A presidente em exercício do Tribunal Superior Eleitoral, ministra Rosa Weber, rejeitou, nessa quarta-feira (18), o pedido feito pelo Movimento Brasil Livre para declarar inelegível o ex-presidente Luiz Inácio Lula da Silva. A ministra decidiu também extinguir a ação.

Para Rosa Weber, o pedido dos ativistas é genérico, ilegítimo e foi apresentado fora da hora, porque o período de convenção partidária só começa nesta sexta-feira (20) e vai até 15 de agosto.

Dois coordenadores do MBL queriam que o TSE declarasse Lula inelegível antes mesmo desse prazo, porque o ex-presidente já teve a condenação confirmada pelo Tribunal Regional Federal da 4ª Região, em Porto Alegre.

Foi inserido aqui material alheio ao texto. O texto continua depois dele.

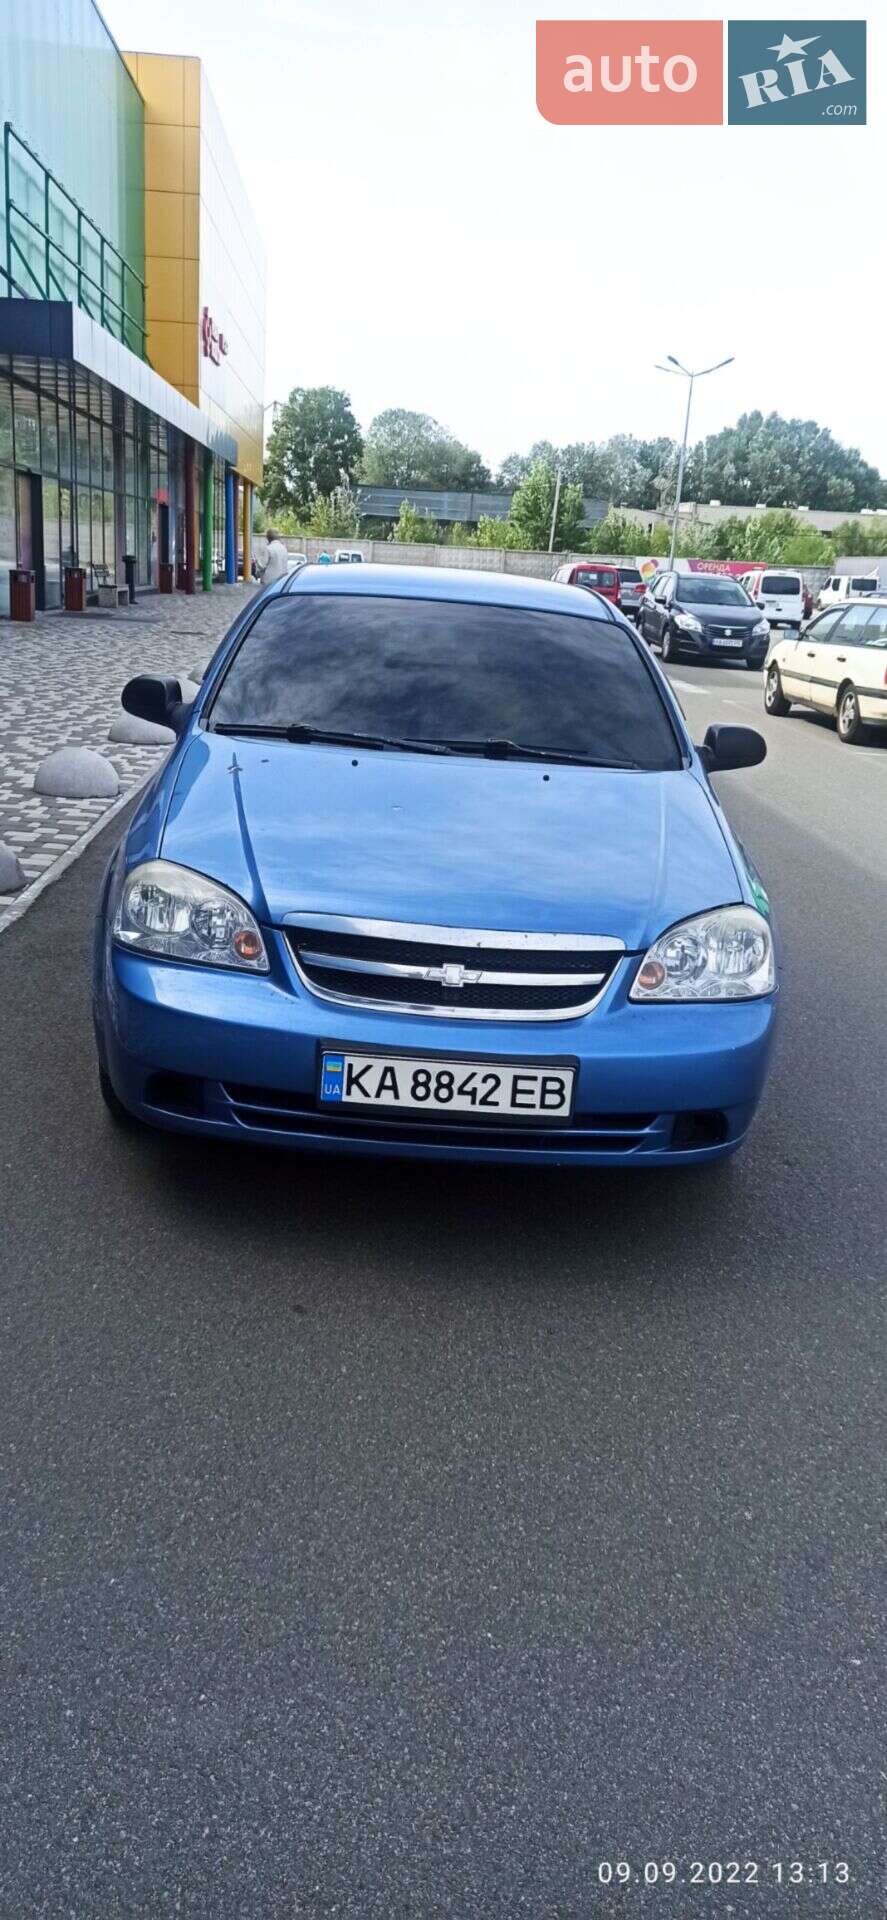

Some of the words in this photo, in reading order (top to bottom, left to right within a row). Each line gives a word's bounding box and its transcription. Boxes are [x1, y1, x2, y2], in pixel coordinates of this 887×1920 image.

Ele foi condenado a 12 anos e um mês de prisão pelos crimes de corrupção e lavagem de dinheiro, no caso do triplex no Guarujá. Lula está preso na Superintendência da Polícia Federal em Curitiba desde o dia 7 de abril.

A Lei da Ficha Limpa determina que condenados por órgãos colegiados estão inelegíveis, mas a Justiça Eleitoral só analisa a restrição após o registro da candidatura.

No Twitter, o MBL anunciou que vai recorrer.

Em nota, a defesa do ex-presidente avaliou que o TSE confirmou os argumentos já apresentados pelos advogados e acrescentou que, até 15 de agosto, nada pode impedir a pré-campanha de Lula.